🤖 AI Summary
This work addresses the challenge of deploying large language models on energy-constrained devices, where high computational and memory demands severely limit efficiency. To overcome this, the authors propose an integrated compute-interconnect-memory architecture that uniquely combines in-interconnect computing with a reconfigurable precision mechanism. By employing precision-aware scheduling, the system dynamically adapts to model heterogeneity while preserving accuracy.

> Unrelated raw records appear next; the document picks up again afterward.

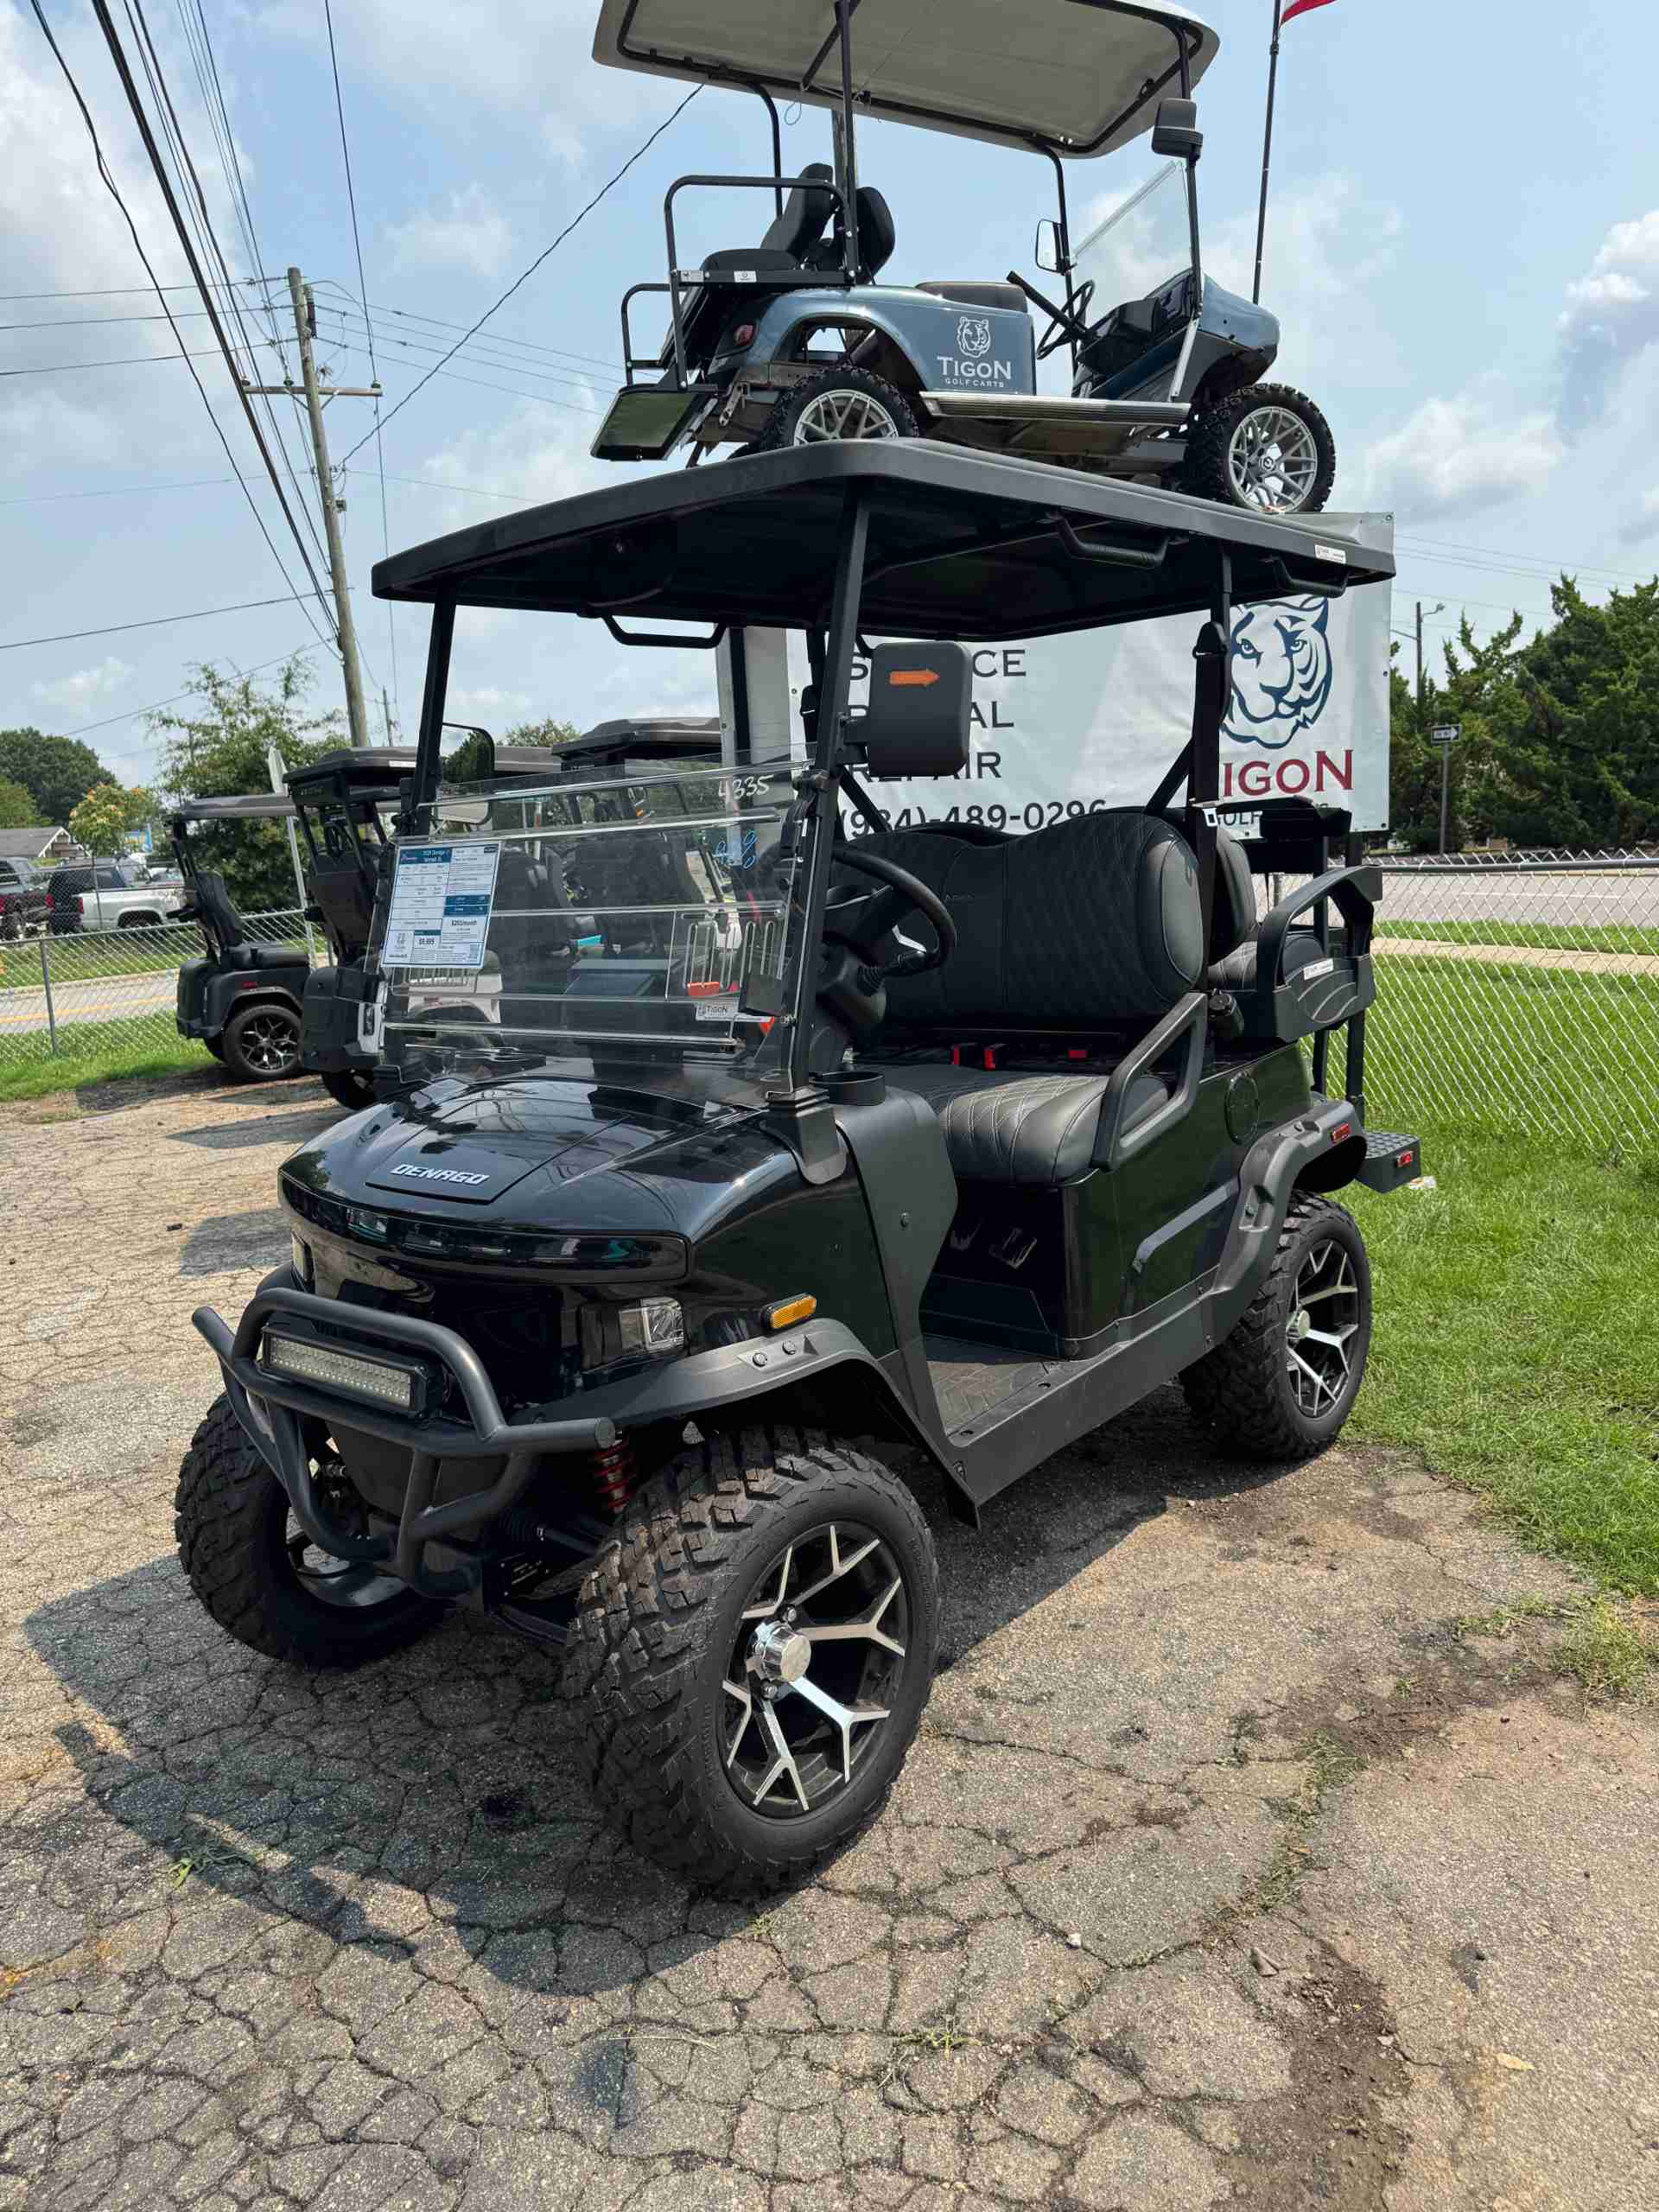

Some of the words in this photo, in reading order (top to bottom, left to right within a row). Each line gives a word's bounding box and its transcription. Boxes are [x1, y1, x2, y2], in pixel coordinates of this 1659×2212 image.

[937, 356, 1012, 380] TIGON
[945, 378, 969, 386] GOLF
[972, 379, 1004, 388] CARTS
[1223, 749, 1353, 797] IGON
[390, 1164, 490, 1185] DENAGO
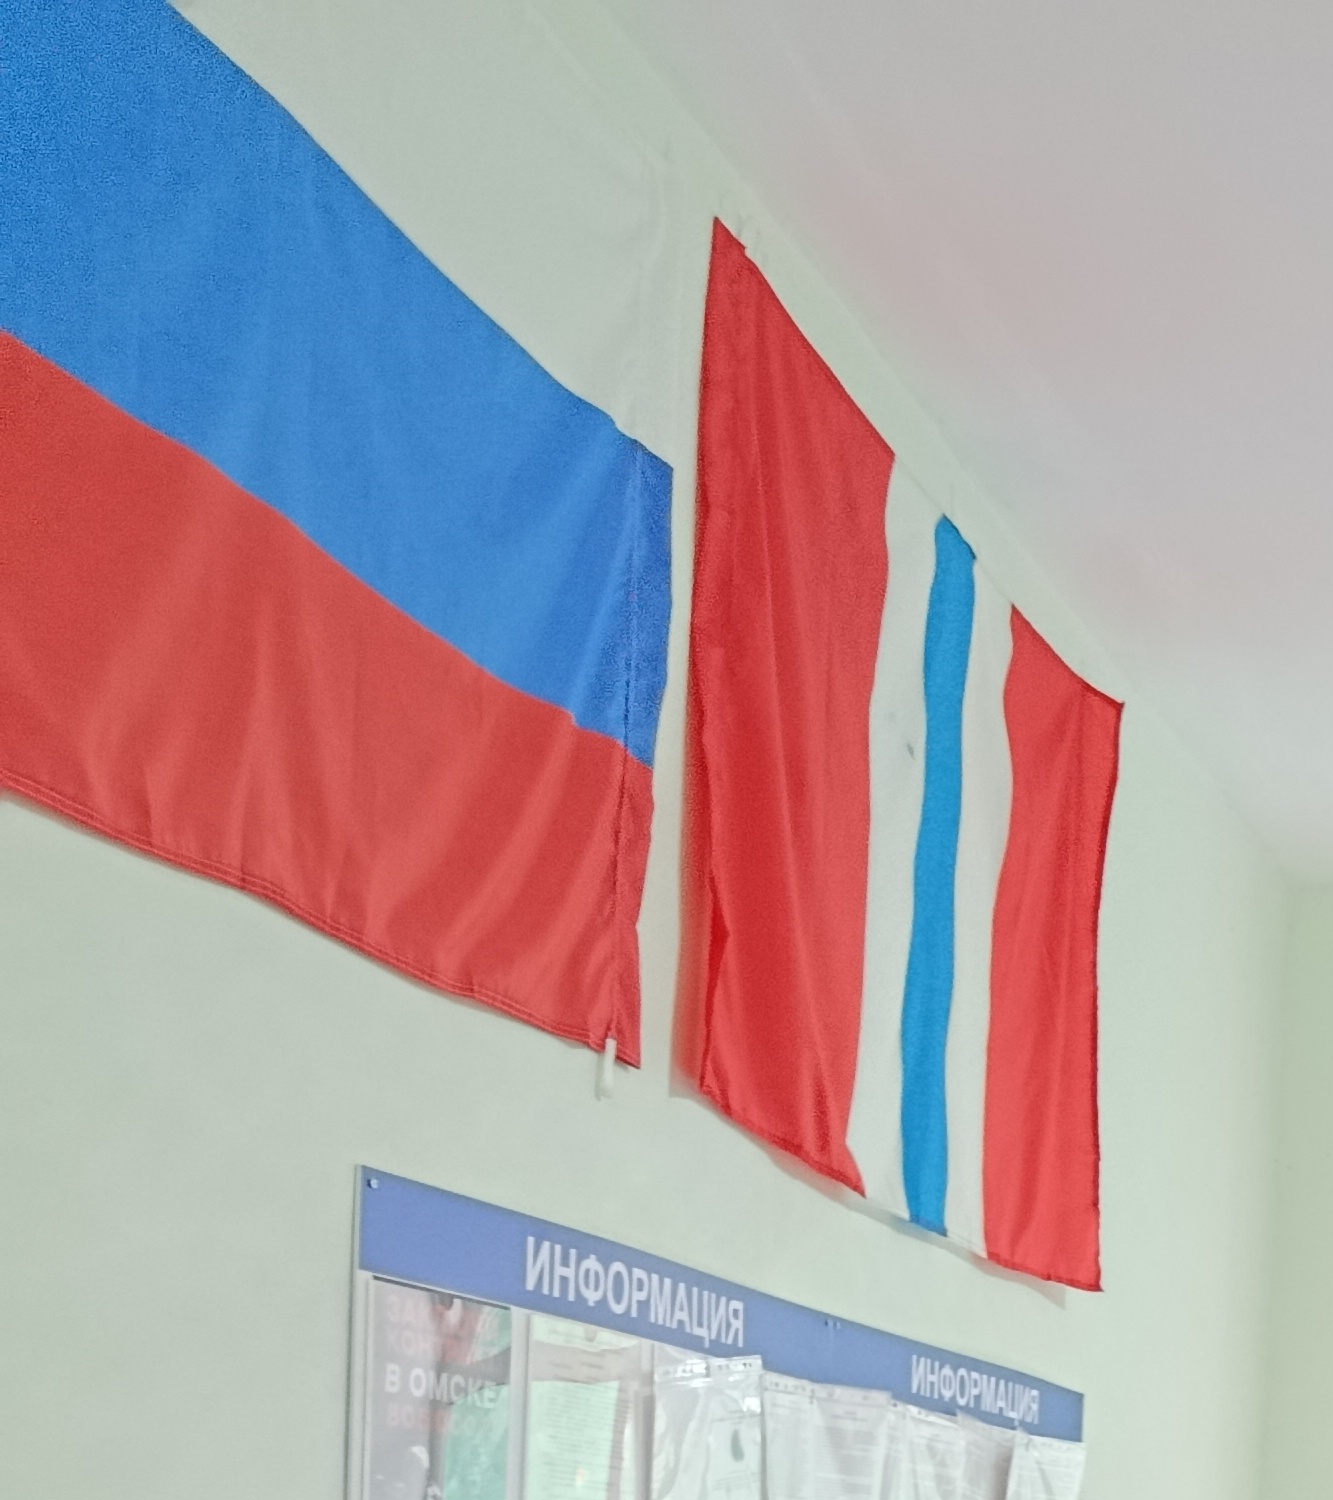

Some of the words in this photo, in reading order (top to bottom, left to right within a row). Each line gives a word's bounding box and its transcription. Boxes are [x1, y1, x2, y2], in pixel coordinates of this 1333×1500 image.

[525, 1235, 745, 1349] ИНФОРМАЦИЯ
[384, 1362, 401, 1394] В
[408, 1366, 498, 1410] ОМСКЕ
[910, 1354, 1040, 1426] ИНФОРМАЦИЯ
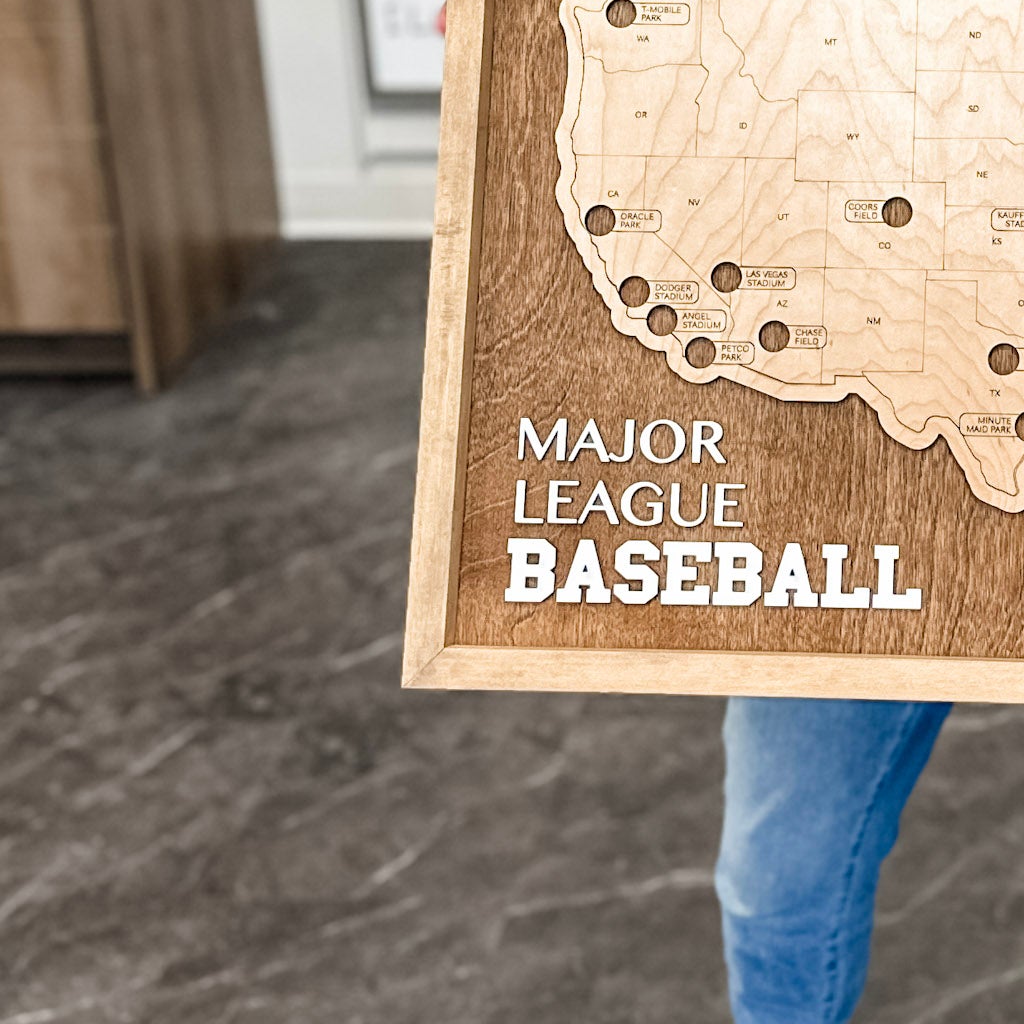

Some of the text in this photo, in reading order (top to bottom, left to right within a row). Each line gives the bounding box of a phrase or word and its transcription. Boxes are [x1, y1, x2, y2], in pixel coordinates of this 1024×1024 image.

[641, 5, 681, 14] T-MOBILE
[635, 111, 647, 119] OR
[688, 199, 700, 207] NV
[848, 203, 878, 211] COORS
[620, 212, 654, 221] ORACLE
[777, 213, 789, 221] UT
[854, 212, 878, 220] FIELD
[620, 221, 641, 229] PARK
[991, 237, 1002, 245] KS
[878, 242, 891, 250] CO
[746, 270, 788, 279] LAS VEGAS
[747, 279, 786, 287] STADIUM
[655, 283, 691, 293] DODGER
[654, 292, 693, 301] STADIUM
[776, 300, 788, 308] AZ
[682, 312, 710, 320] ANGEL
[682, 321, 721, 329] STADIUM
[866, 317, 881, 325] NM
[795, 329, 823, 337] CHASE
[795, 337, 819, 345] FIELD
[721, 345, 749, 353] PETCO
[721, 353, 742, 361] PARK
[977, 417, 1011, 425] MINUTE
[966, 425, 1011, 434] MAID PARK
[517, 416, 727, 465] MAJOR
[514, 479, 746, 528] LEAGUE
[504, 538, 922, 610] BASEBALL
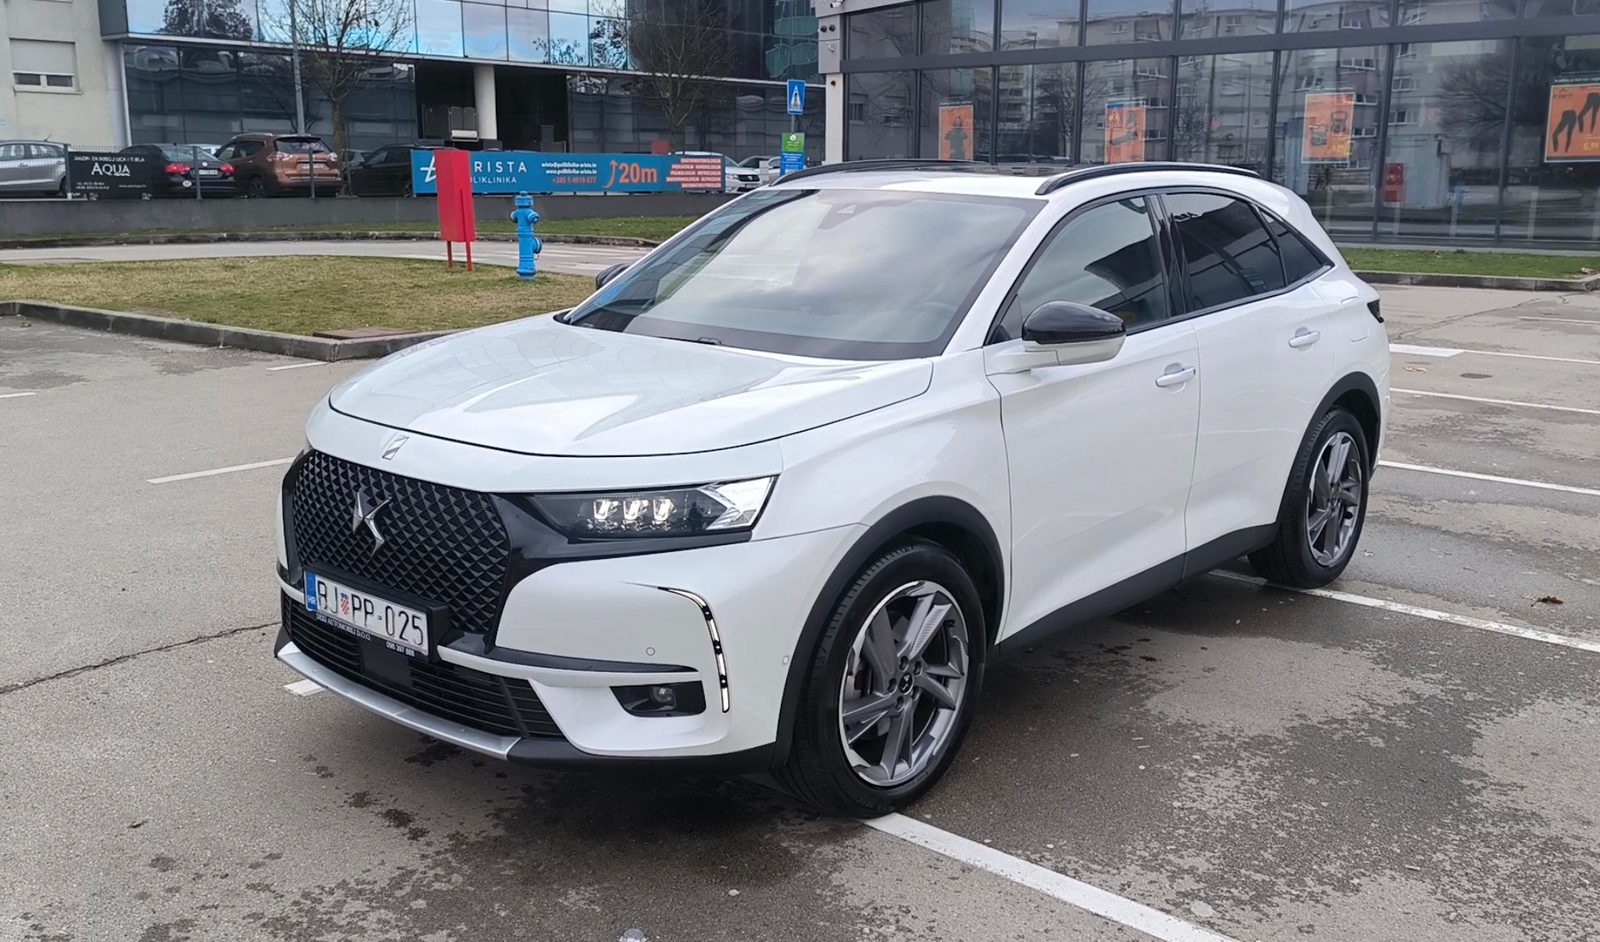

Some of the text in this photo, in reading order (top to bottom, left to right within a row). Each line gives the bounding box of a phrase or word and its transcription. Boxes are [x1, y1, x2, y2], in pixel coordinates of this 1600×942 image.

[91, 162, 130, 176] AQUA
[474, 161, 527, 173] RISTA
[619, 162, 657, 183] 20m
[351, 594, 424, 645] PP-025

Experimental results demonstrate substantial improvements in throughput and energy efficiency: compared to the NVIDIA H100 GPU, the proposed approach achieves up to 25× and 10× higher energy efficiency for 1B and 13B parameter models, respectively.
📝 Abstract
LLM impose significant computational and memory demands, creating challenges for energy-efficient inference across platforms ranging from data centers to power-constrained edge devices. Weight precision plays a critical role in balancing inference accuracy, throughput, and energy consumption, while modern LLM workloads exhibit pronounced heterogeneity and tolerance that favors adaptive precision execution. This paper presents CIMERA, a reconfigurable-precision LLM inference accelerator that integrates compute-in-interconnect and memory to mitigate the memory wall and enable precision-aware execution. Compared to Nvidia H100, CIMERA delivers up to $25\times$ and $10\times$ higher energy efficiency for 1B and 13B models, respectively.